Attached file Reduced HTML testcase
Confirming bug using Mozilla trunk binary 20020411xx WinNT. Bring up the child window as described above, and click on a link. Nothing happens. The links in the child window fire this function: function SaveChoice(CategoryDataID,CategoryDataName,isVendor) { document.location.href = 'CategorySelectorSubmit.asp' + '?CategoryID=1' + '&CategoryDataID=' + CategoryDataID + '&CategoryDataName=' + CategoryDataName + '&IsVendor=' + isVendor; } Typical values for the three parameters to this function are: 60, 'Intel%AE+Xeon%99+processor+%28400MHz+FSB%29', 'false' It is the string 'Intel%AE+Xeon%99+processor+%28400MHz+FSB%29' that is causing the problem.
Assignee: rogerl → khanson
Status: UNCONFIRMED → NEW
Ever confirmed: true
Here is the HTML for the reduced testcase above: <html><head><title>Bug 137182</title> <script> function SaveChoice() { alert('Hello'); } </script></head><body> <a ref=javascript:SaveChoice('Intel%AE+Xeon%99+processor+%28400MHz+FSB%29')> Click this to get an alertbox </a> </body></html> In Mozilla the test fails: no alertbox comes up. If you remove the four '%' signs from the string, the testcase succeeds. With the '%' characters present, however, the alertbox does not come up. No errors in the JS Console. The testcase always works in NN4.7 and in IE6, whether there are '%' characters in the string or not -
This standalone test for the JS shell succeeds: test(); function test() { SaveChoice('IntelAE+Xeon99+processor+28400MHz+FSB29'); } function SaveChoice() { print('Hello'); } This shows the problem is not with JS Engine. Reassigning to DOM Level 0 for further analysis -
Assignee: khanson → jst
Component: JavaScript Engine → DOM Level 0
QA Contact: pschwartau → desale
Comment #4 has four typos. HOW DID I DO THAT?!??? The standalone JS testcase I'm using __HAS__ the '%' signs in it: test(); function test() { SaveChoice('Intel%AE+Xeon%99+processor+%28400MHz+FSB%29'); } function SaveChoice() { print('Hello'); } It passes in the JS shell as I stated above -
The problem here is that we unescape the javascript: URI and then assume that it's UTF8, but in this case it's not, and the UTF8 to UCS2 conversion fails. The result of this is that the whole script is lost so we never end up calling alert()...
Status: NEW → ASSIGNED
OS: Windows 2000 → All
Priority: -- → P3
Hardware: PC → All
Target Milestone: --- → mozilla1.1alpha
Summary: Javascript selection popup is broken → javascript: URL's with non-UTF8 characters not working.

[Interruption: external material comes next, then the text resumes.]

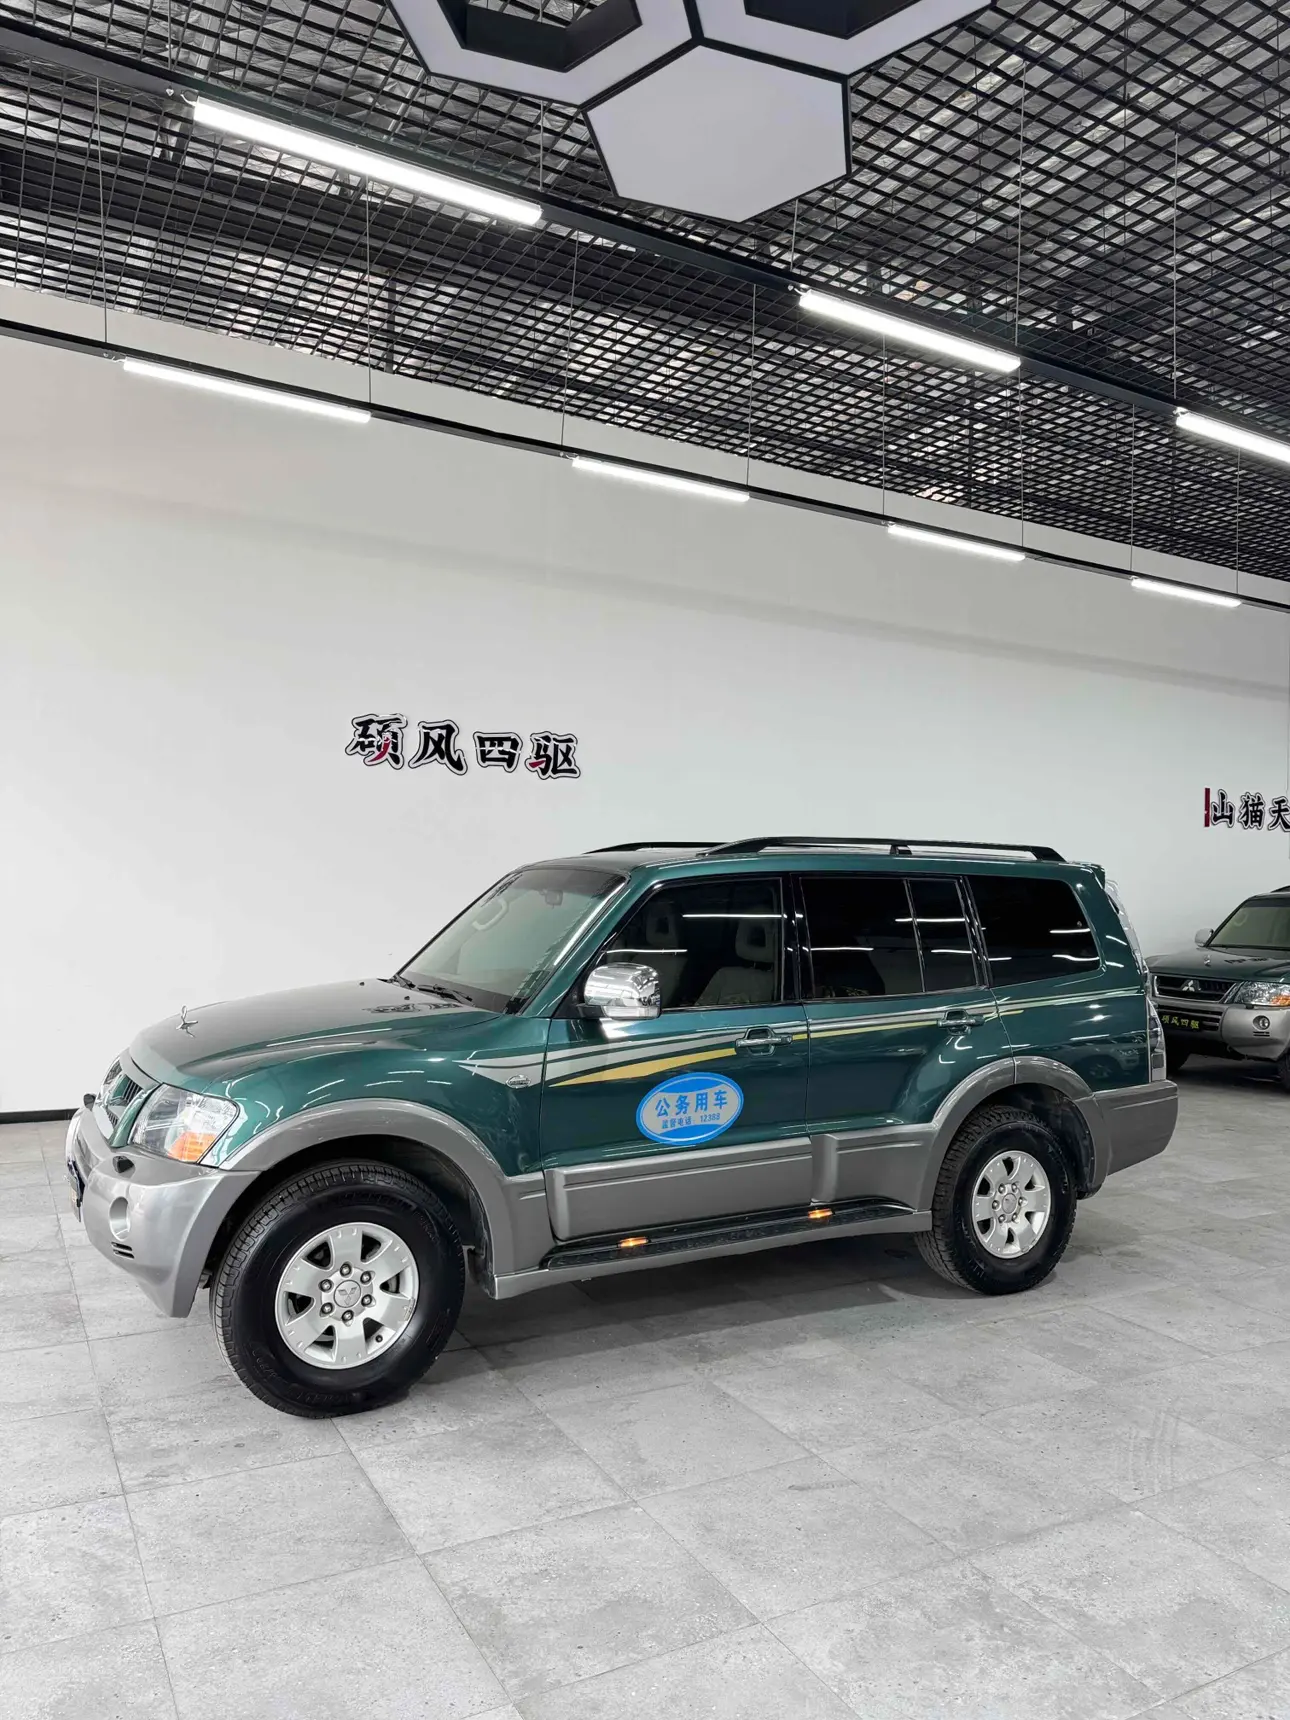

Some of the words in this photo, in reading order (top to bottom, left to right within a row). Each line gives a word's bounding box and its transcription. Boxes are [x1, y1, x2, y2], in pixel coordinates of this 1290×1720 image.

[346, 713, 581, 780] 硕风四驱
[655, 1090, 728, 1117] 公务用车

*** Bug 149296 has been marked as a duplicate of this bug. ***
Naoki, we need to use the document charset and do the correct conversions here when converting the javascript: URL into unicode, could you have a look at this, I know you've done similar things in other places. If not, hand this back...
Assignee: jst → nhotta
Status: ASSIGNED → NEW
Target Milestone: mozilla1.1alpha → mozilla1.1beta
jst, any idea which file I should look at?
Status: NEW → ASSIGNED
Yeah, the problem is in the method nsJSThunk::EvaluateScript() starting at: http://lxr.mozilla.org/seamonkey/source/dom/src/jsurl/nsJSProtocolHandler.cpp#122
nsJSProtocolHandler::NewURI takes a charset, so we can store it. http://lxr.mozilla.org/seamonkey/source/dom/src/jsurl/nsJSProtocolHandler.cpp#782 But I don't know how to access nsJSProtocolHandler in nsJSThunk::EvaluateScript(). jst, is that possible?

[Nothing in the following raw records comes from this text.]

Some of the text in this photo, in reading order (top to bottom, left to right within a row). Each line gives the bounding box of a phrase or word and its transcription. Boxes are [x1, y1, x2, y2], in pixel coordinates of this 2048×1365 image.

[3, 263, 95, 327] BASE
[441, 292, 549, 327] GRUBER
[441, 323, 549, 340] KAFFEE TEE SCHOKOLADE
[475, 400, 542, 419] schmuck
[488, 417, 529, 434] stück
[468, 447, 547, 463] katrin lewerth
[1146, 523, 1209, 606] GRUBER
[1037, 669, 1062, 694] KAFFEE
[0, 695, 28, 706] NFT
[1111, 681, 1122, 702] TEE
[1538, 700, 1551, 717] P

We could make the nsJSProtocolHandler that created the nsJSThunk accessable from the nsJSThunk, but there's no guarantee that the nsJSProtocolHandler that created the nsJSThunk is the same one that ::NewURI() was called on, so I'm afraid that won't work. We could however the the conversion in ::NewURI() where we do have the charset, i.e. we could convert the incoming string into UTF8 and then once we get the nsJSThunk::EvaluateScript() we'd know that the JS in the URI is UTF8. Does that sound reasonable?
Yes, doing the conversion in ::NewURI() is good. There is already a code to convert escape style to JS \uXXXX in the code. But that is not executed if the URI is escaped. So the URI has to be unescaped first. Then convert from 'aCharset' to Uncode and apply \uXXXX escape. Not sure we need to apply URL espcae again to the result. Also the callers have to be changed to pass a document charset instead of the default empty string.

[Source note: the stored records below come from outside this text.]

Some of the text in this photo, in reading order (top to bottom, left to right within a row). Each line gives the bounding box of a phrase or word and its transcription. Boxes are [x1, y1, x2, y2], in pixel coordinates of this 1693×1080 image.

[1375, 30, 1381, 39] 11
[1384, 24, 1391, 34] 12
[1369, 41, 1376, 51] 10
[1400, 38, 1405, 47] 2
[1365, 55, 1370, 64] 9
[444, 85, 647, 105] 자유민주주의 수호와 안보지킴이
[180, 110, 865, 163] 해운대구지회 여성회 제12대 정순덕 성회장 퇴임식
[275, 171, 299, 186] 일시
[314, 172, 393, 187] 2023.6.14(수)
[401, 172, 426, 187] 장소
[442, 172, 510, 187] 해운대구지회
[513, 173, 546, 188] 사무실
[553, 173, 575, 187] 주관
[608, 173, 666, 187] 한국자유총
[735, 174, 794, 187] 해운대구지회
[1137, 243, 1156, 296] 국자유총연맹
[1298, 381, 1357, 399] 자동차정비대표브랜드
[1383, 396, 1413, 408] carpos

We don't need any JS style escaping here, all we need is to convert the 8-bit URI spec into unicode using the document's charset and then convert that into UTF8 and do normal URI escaping on the UTF8 string. Then once we get into nsJSThunk::EvaluateString() we'll take that URI escaped string and unescape it and convert the result from UTF8 into unicode again.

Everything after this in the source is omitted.